Before we even talk about the sales, after-sales and consultancy strategy envisioned by Volta Trucks, we owe you our impressions on board the truck. What stands out first of all is the shape of the cab, with a very low floor and two side doors, as if it were a bus. The driver is in the middle, and not just metaphorically: the seat, which is markedly lower than in traditional trucks, is exactly in the middle of the cab, with two passenger seats, one on the right and one on the left. There is no real dashboard but a screen that serves as the main display and gives information primarily on range and speed, two touch screens for lights, climate control, navigation and route planning, plus very few buttons for operating the vehicle and opening doors. There are no mirrors but mirror cams that return images of the vehicle’s exterior.

volta zero

Between a bus and a truck

The Volta Zero could be defined, in a certain sense, as a hybrid between a truck and a bus also in terms of the visibility offered by a very wide windscreen that embraces the driver’s gaze almost to 220 degrees and offers (here we speak of advanced safety) a clear view down and to the sides. Anything that might obstruct the driver’s view was deleted within a vehicle conceived expressly to run in the city and share vital space with all those who live in the city centre, whether pedestrians, cyclists, motorcyclists or drivers.

A vehicle that was born electric, the Volta Zero has a simplified architecture that is mainly due to the Meritor electrified axle that eliminates the need for a drive shaft and allows the battery packs supplied by Proterra (2 or 3 depending on the configuration, with a range of between 150 and 200 kilometres) to be installed between the frame rails, with the advantage of greater protection and safety. The 16-ton Volta Zero is 9,200 millimetres long, with a wheelbase of 4,800 millimetres. It has a turning radius of 14 metres and can accommodate 16 Euro pallets with a loading capacity of approximately 8 tonnes (and a volume of 37.7 cubic metres). From the inside, the acceleration is typical of electric trucks. Noise and vibrations are close to zero, even though we could tested the vehicle in a ‘protected’ environment such as a test track: we look forward to the road test to confirm our very first impressions.

volta zero

Smaller versions are on the way

As already widely announced, the 16-tonne will only be the first of the Volta Zero trucks we will see on the road in Europe. Smaller versions (7.5 and 12-tonne) are planned for 2024 and there will also be an 18-tonne version. In all cases, the building philosophy does not change. The decision to start with the 16-tonne – in the words of Carl-Magnus Norden – is due to a market analysis and the desire to tackle the segment occupied in some cases by 3.5-tonne large vans with a larger truck. The philosophy is clear: fewer vehicles on the road reduces the urban distribution footprint in cities.

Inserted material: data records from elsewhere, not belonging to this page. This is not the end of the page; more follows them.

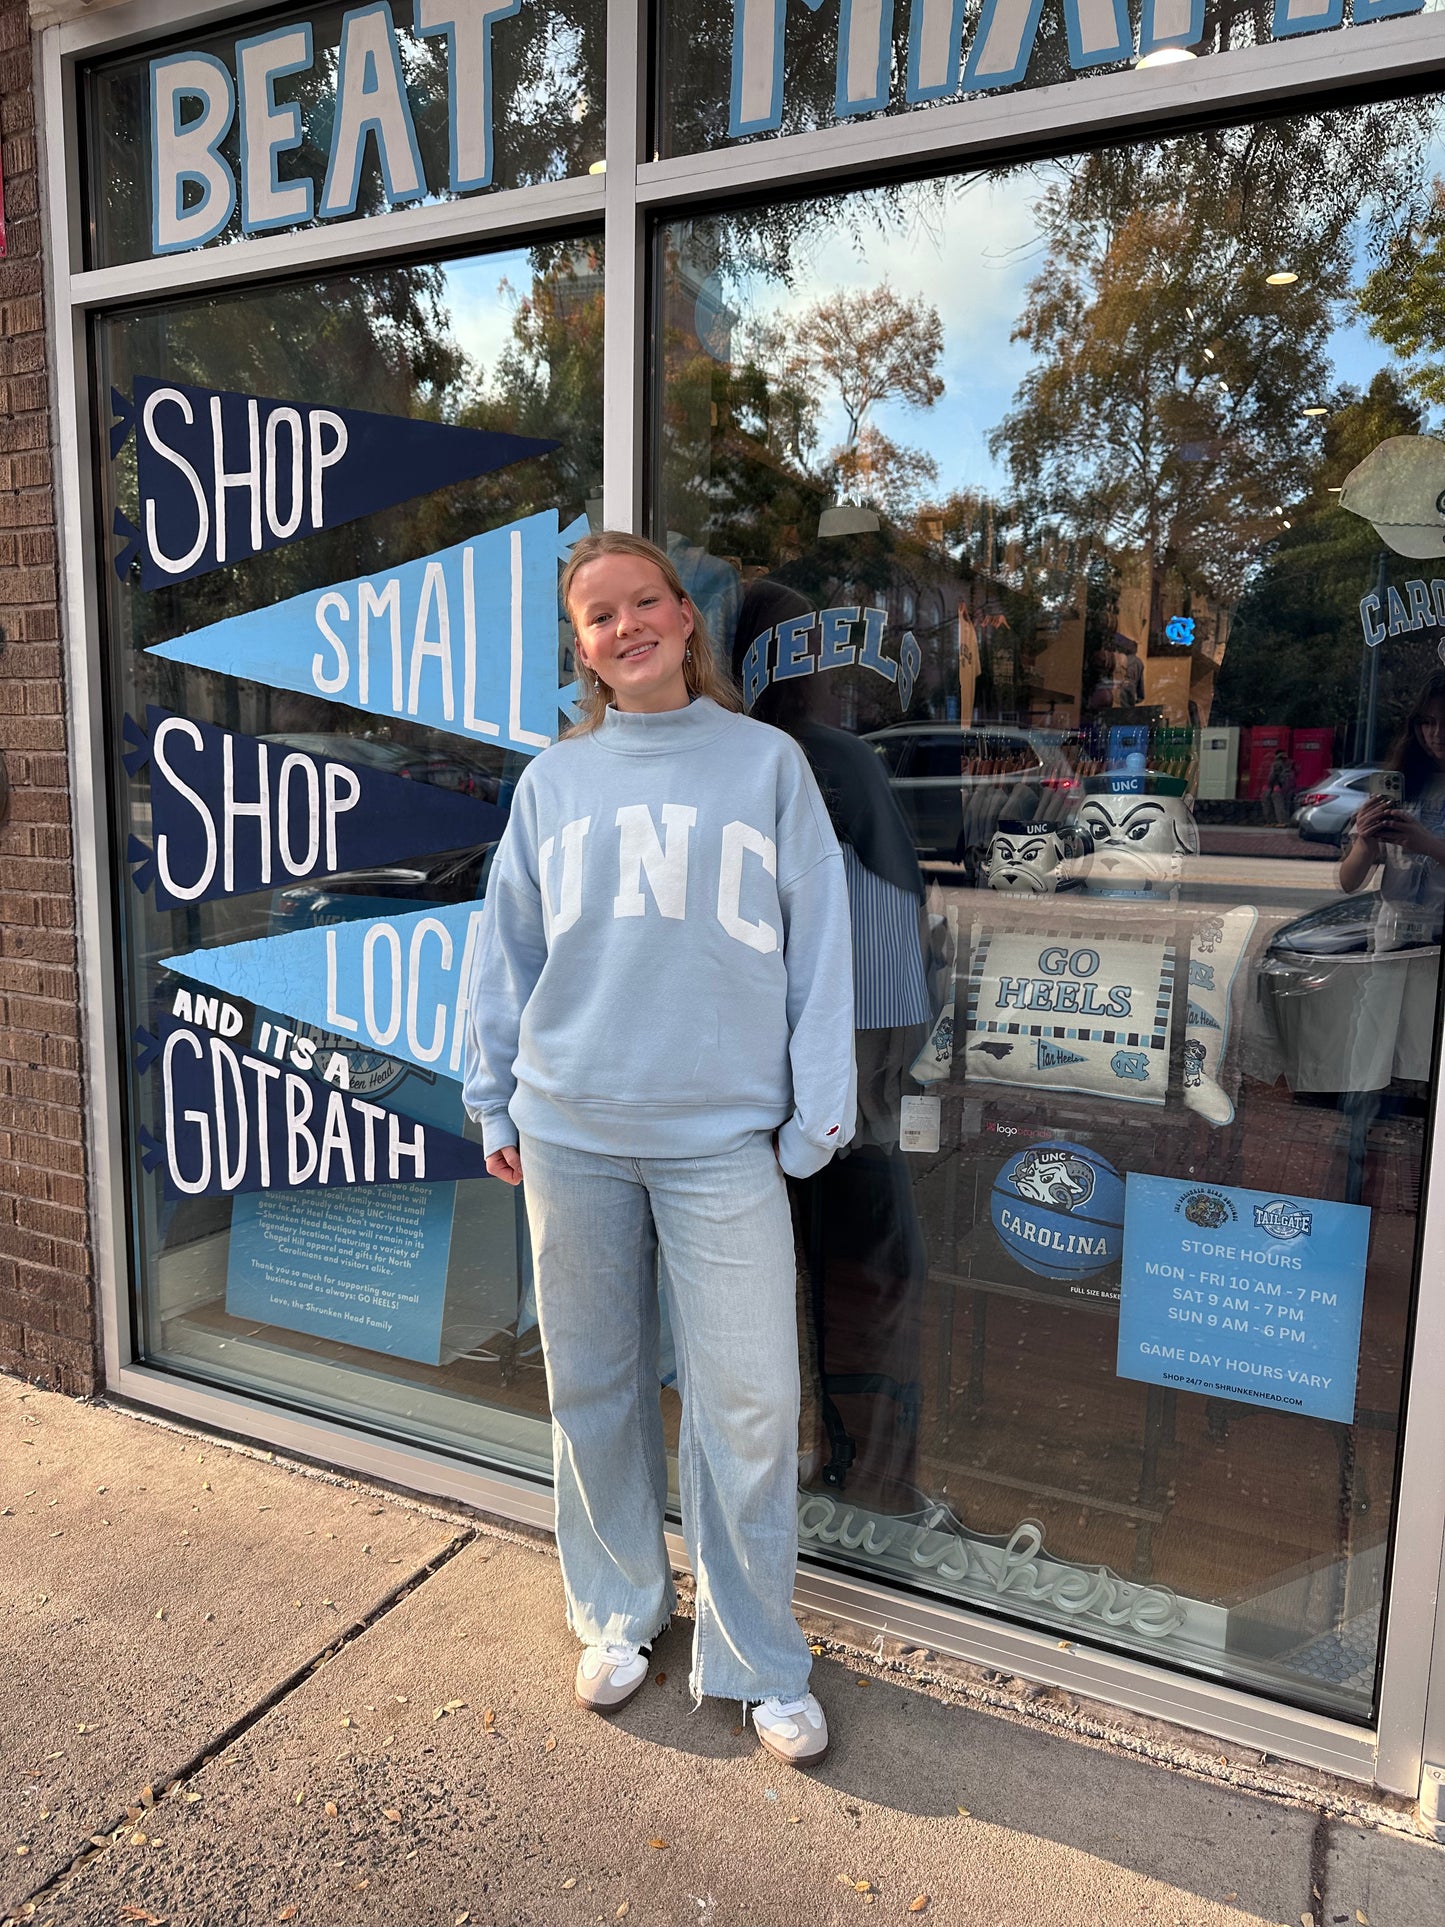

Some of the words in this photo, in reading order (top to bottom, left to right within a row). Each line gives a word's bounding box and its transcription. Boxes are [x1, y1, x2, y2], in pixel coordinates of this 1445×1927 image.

[150, 0, 521, 254] BEAT
[142, 388, 349, 574] SHOP
[312, 531, 552, 748] SMALL
[741, 605, 922, 713] HEELS
[1112, 779, 1138, 792] UNC
[154, 717, 360, 900] SHOP
[1026, 823, 1048, 834] UNC
[538, 803, 779, 954] UNC
[1038, 947, 1100, 977] GO
[995, 976, 1132, 1018] HEELS
[172, 988, 244, 1037] AND
[258, 1021, 317, 1070] IT'S
[323, 1051, 350, 1090] A
[1040, 1044, 1056, 1065] Tar
[1057, 1051, 1084, 1064] Heels
[369, 1061, 394, 1087] Head
[163, 1029, 425, 1194] GDTBATH
[1041, 1153, 1066, 1163] UNC
[377, 1188, 409, 1201] Tailgate
[412, 1196, 427, 1204] will
[409, 1184, 432, 1195] doors
[278, 1202, 289, 1211] for
[292, 1204, 304, 1213] Tar
[306, 1208, 323, 1217] Heel
[346, 1215, 367, 1226] Don't
[369, 1222, 393, 1233] worry
[395, 1225, 423, 1238] though
[301, 1198, 331, 1210] proudly
[333, 1203, 364, 1217] offering
[404, 1207, 425, 1215] small
[1255, 1208, 1311, 1233] TAILGATE
[259, 1219, 297, 1235] legendary
[334, 1234, 370, 1250] featuring
[380, 1246, 408, 1258] variety
[410, 1250, 419, 1258] of
[263, 1231, 290, 1242] Chapel
[291, 1236, 304, 1245] Hill
[306, 1241, 336, 1252] apparel
[338, 1248, 353, 1256] and
[355, 1250, 372, 1260] gifts
[374, 1253, 386, 1262] for
[388, 1256, 411, 1268] North
[301, 1217, 320, 1227] Head
[322, 1221, 356, 1235] Boutique
[358, 1230, 373, 1238] will
[375, 1234, 403, 1244] remain
[405, 1237, 413, 1246] in
[414, 1240, 424, 1249] its
[1001, 1209, 1109, 1256] CAROLINA
[278, 1244, 321, 1260] Carolinians
[340, 1258, 369, 1270] visitors
[1181, 1239, 1236, 1260] STORE
[1240, 1249, 1302, 1270] HOURS
[251, 1259, 273, 1270] Thank
[301, 1272, 321, 1281] much
[323, 1274, 335, 1284] for
[337, 1280, 379, 1296] supporting
[397, 1294, 419, 1303] small
[265, 1272, 296, 1286] business
[298, 1282, 313, 1290] and
[357, 1293, 370, 1303] GO
[1070, 1286, 1085, 1294] FULL
[1086, 1289, 1100, 1297] SIZE
[1100, 1291, 1121, 1300] BASKE
[1145, 1262, 1184, 1280] MON
[1200, 1271, 1225, 1287] FRI
[1229, 1276, 1250, 1291] 10
[1254, 1281, 1281, 1296] AM
[1296, 1288, 1306, 1300] 7
[1310, 1290, 1338, 1307] PM
[292, 1299, 304, 1309] the
[306, 1303, 342, 1318] Shrunken
[344, 1312, 364, 1323] Head
[366, 1317, 392, 1332] Family
[1172, 1288, 1204, 1303] SAT
[1208, 1293, 1218, 1306] 9
[1222, 1297, 1249, 1312] AM
[1264, 1303, 1273, 1315] 7
[1277, 1306, 1304, 1322] PM
[1168, 1307, 1202, 1324] SUN
[1207, 1314, 1218, 1327] 9
[1221, 1318, 1249, 1332] AM
[1264, 1325, 1275, 1337] 6
[1279, 1327, 1306, 1343] PM
[1139, 1342, 1185, 1361] GAME
[1189, 1351, 1222, 1367] DAY
[1226, 1358, 1283, 1380] HOURS
[1286, 1369, 1333, 1389] VARY
[1163, 1372, 1185, 1382] SHOP
[1185, 1376, 1203, 1386] 24/7
[1215, 1383, 1303, 1406] SHRUNKENHEAD.COM
[910, 1508, 968, 1581] is
[997, 1523, 1185, 1638] here

Europe first, then North America

Italy, Spain, the United Kingdom, the Netherlands and Germany are indeed at the centre of Volta Trucks’ thoughts, before the announced approach to the North American market. With France in the front row, since the first hub has recently been inaugurated, as well as the first purely commercial ‘showcase’ in the centre of Paris. Back to hubs, these are equipped with a specialised workshop, administrative offices, showrooms, a training centre and a 24/7 call centre. This is a fundamental support to the TaaS (Truck-as-a-Service) strategy, in which Volta Trucks strongly believes, which is based on an all-in-one formula that includes, for a pre-established monthly fee, a series of services ranging from assistance to advice on electrifying the fleet, to training, telematics services, insurance and financing. The formula also includes a replacement Volta Zero vehicle where necessary.

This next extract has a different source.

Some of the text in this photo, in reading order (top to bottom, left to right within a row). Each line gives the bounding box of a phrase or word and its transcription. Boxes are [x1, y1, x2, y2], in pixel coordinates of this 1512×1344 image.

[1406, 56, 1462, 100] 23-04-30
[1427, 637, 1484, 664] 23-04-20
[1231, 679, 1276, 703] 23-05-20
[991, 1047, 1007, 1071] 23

A package that, to put it bluntly, can even include the planning and execution of civil work to lay the charging infrastructure in the depot. Volta Trucks aims to act as a one-stop shop for those wishing to electrify all or part of their fleet. The challenge is set, and Volta Trucks’ presence at the upcoming IAA will allow us to better position the Volta Zero in the plethora of solutions that the industry will offer the last mile market in the coming years.